"He didn't like that," Gandhi said, pointing out that Mahatma is Sanskrit for "saint"—"He would say, 'I'm not a saint; I'm a normal person.' But the people of India decided that one, and he couldn't live it down."
Twelve is a tough age, and many a struggling preteen has been shipped off to relatives to help him adjust to this whirling ball of woe we call a world.
In Arun’s case, two things made his relocation unusual. First, the relative he was sent to live with was in India, thousands of miles from his home in South Africa.
And second, the relative was his grandfather, Mohandas K. Gandhi.

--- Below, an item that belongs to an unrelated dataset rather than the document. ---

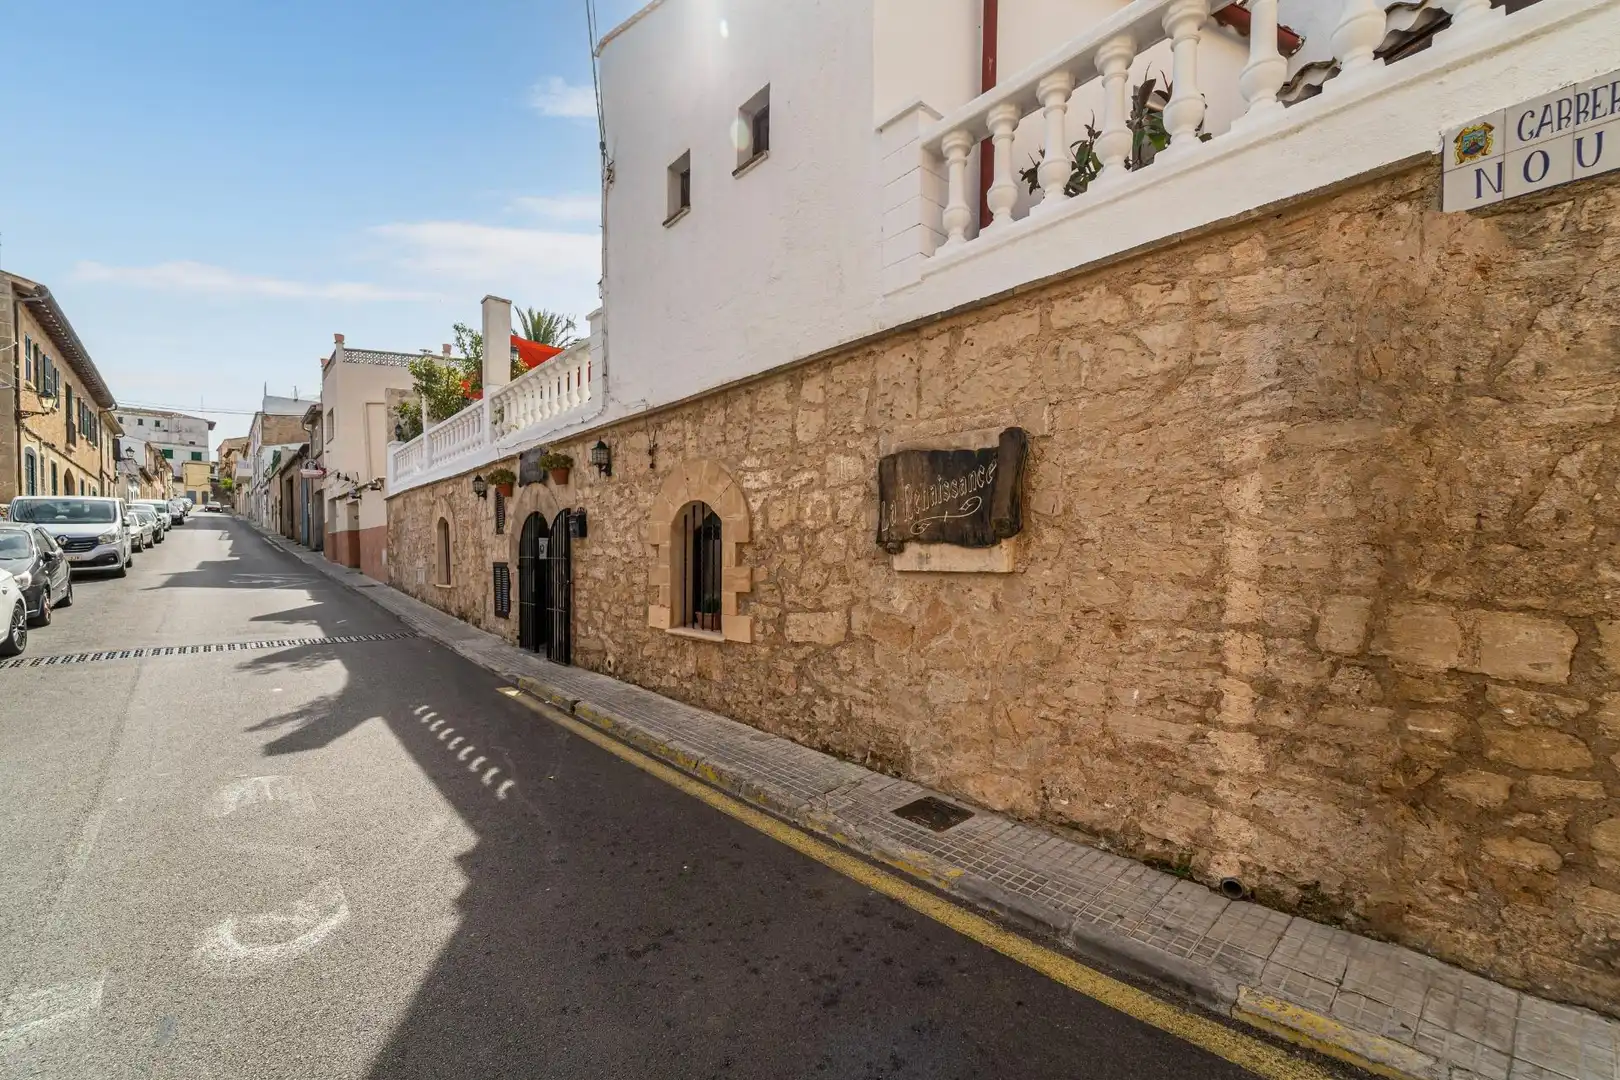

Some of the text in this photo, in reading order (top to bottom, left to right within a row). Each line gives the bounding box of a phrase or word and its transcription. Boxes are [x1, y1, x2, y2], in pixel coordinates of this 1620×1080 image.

[1474, 131, 1604, 199] NOU
[881, 460, 997, 532] La Renaissance

“We faced the brunt of prejudice and hate,” said Arun Gandhi, in Chicago to help plan the next Parliament of the World’s Religions, to be held in October 2015 in Utah. “Being a young man, I didn’t know how to deal with it. I was very angry and wanted eye-for-eye justice. My parents decided it was time to go to India and give me an opportunity to live with my grandfather.”

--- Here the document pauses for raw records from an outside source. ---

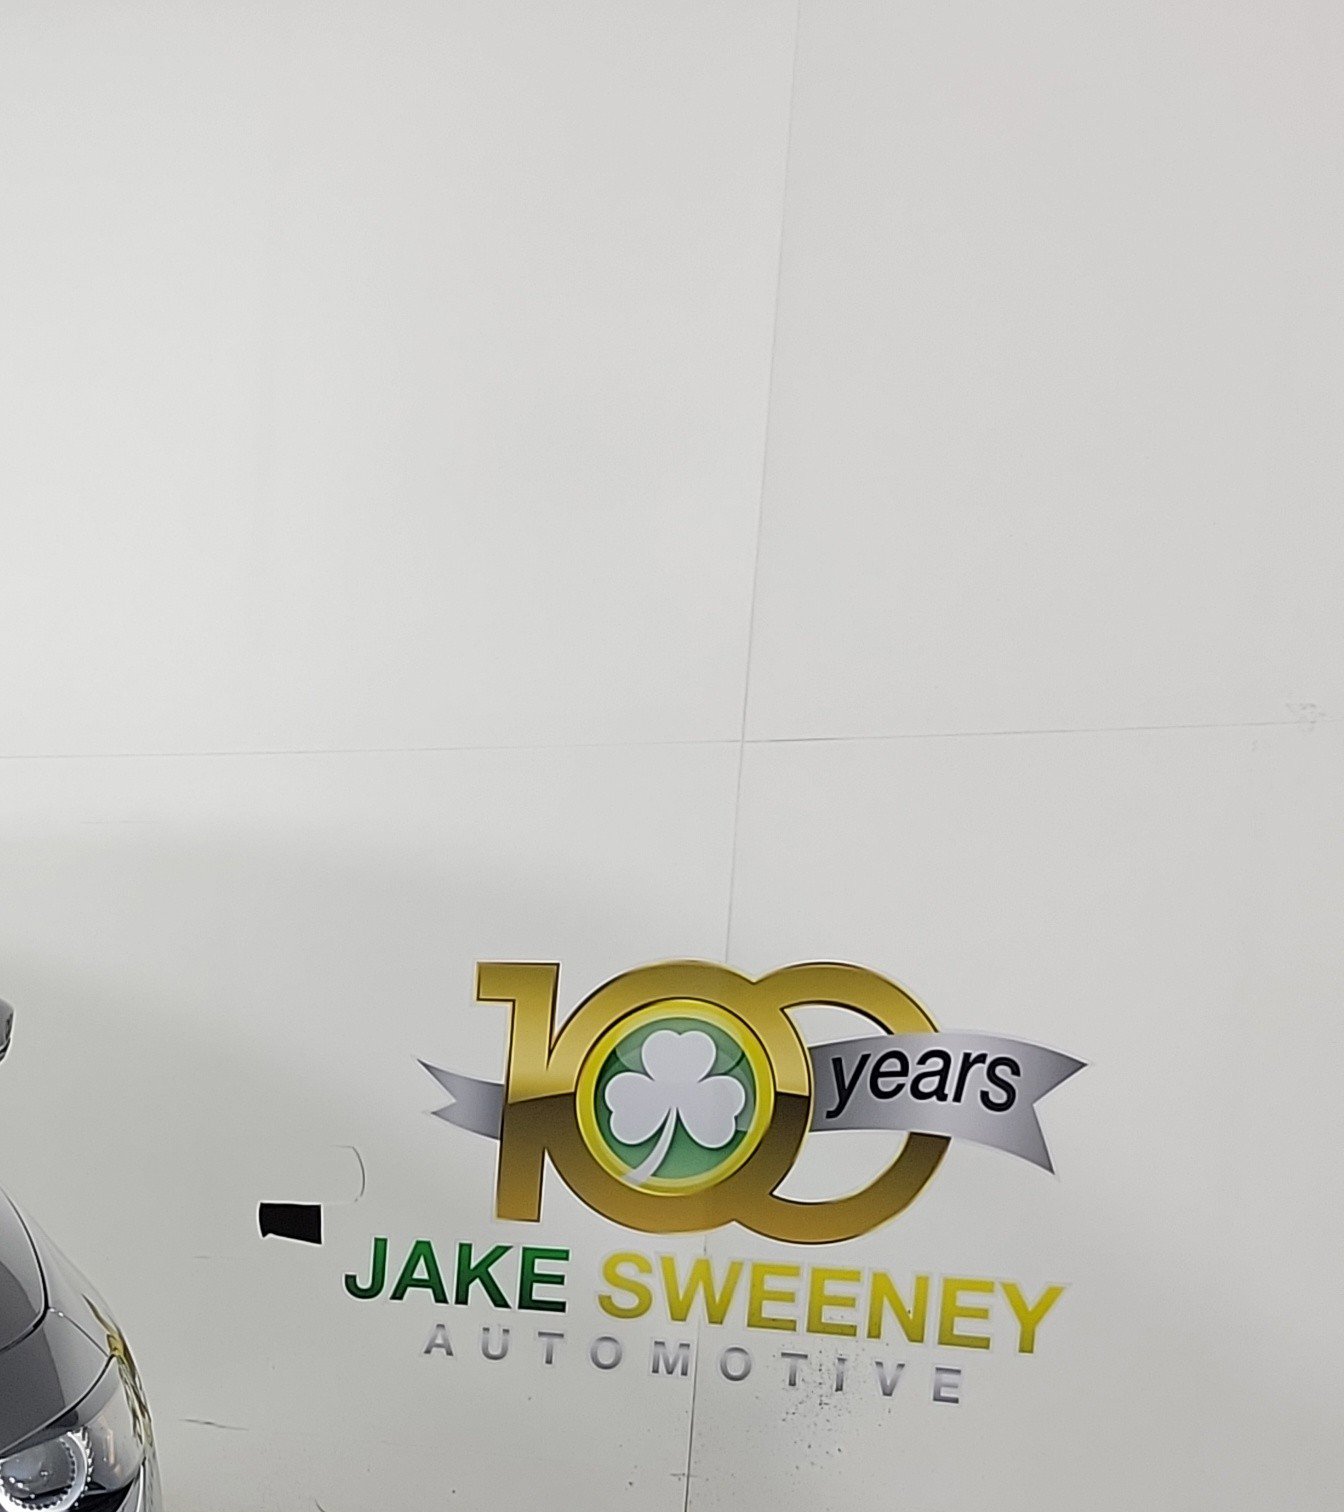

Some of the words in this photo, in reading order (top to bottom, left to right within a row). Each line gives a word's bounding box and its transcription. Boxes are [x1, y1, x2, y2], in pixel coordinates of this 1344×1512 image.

[825, 1048, 1022, 1121] years
[344, 1237, 570, 1314] JAKE
[598, 1250, 1066, 1355] SWEENEY
[423, 1323, 963, 1405] AUTOMOTIVE
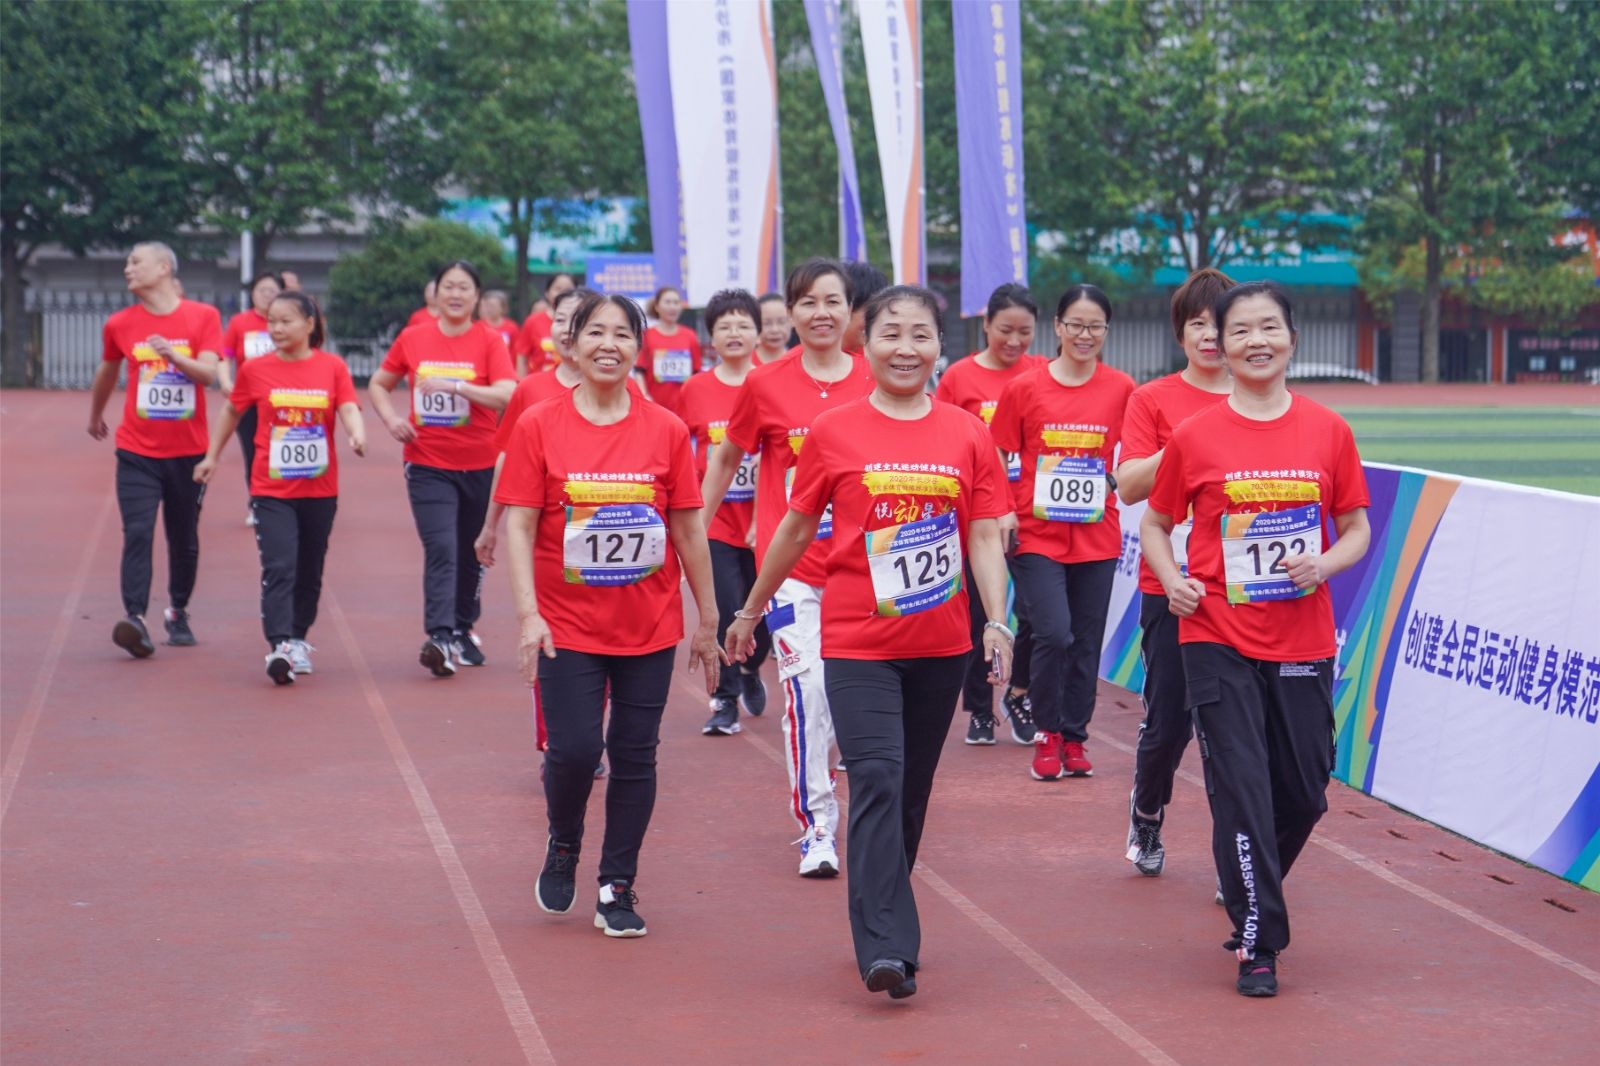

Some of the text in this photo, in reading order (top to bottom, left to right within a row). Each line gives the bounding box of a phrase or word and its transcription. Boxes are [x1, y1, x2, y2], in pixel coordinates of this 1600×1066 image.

[149, 387, 184, 406] 094
[422, 393, 456, 413] 091
[281, 443, 318, 464] 080
[1050, 478, 1094, 504] 089
[585, 533, 645, 563] 127
[894, 543, 951, 590] 125
[1404, 609, 1600, 724] 创建全民运动健身模范

He lived with the world-famous pacifist for more than a year, until late 1947.
“He taught me some lessons in that period, and in many ways laid the foundation for my life,” Gandhi said.
What sort of lessons?
“The first lesson he taught me was understanding anger, to channel it constructively. He didn’t deny anger, didn’t say anger was bad and suppress it. He said, ‘Anger is good.’ Anger is to the human being what oil is to the automobile. If we don’t put fuel into an automobile, it won’t run. If we don’t have anger, we won’t do anything. Anger is good, but what is bad is the way we abuse anger.”
I had never heard it put that way....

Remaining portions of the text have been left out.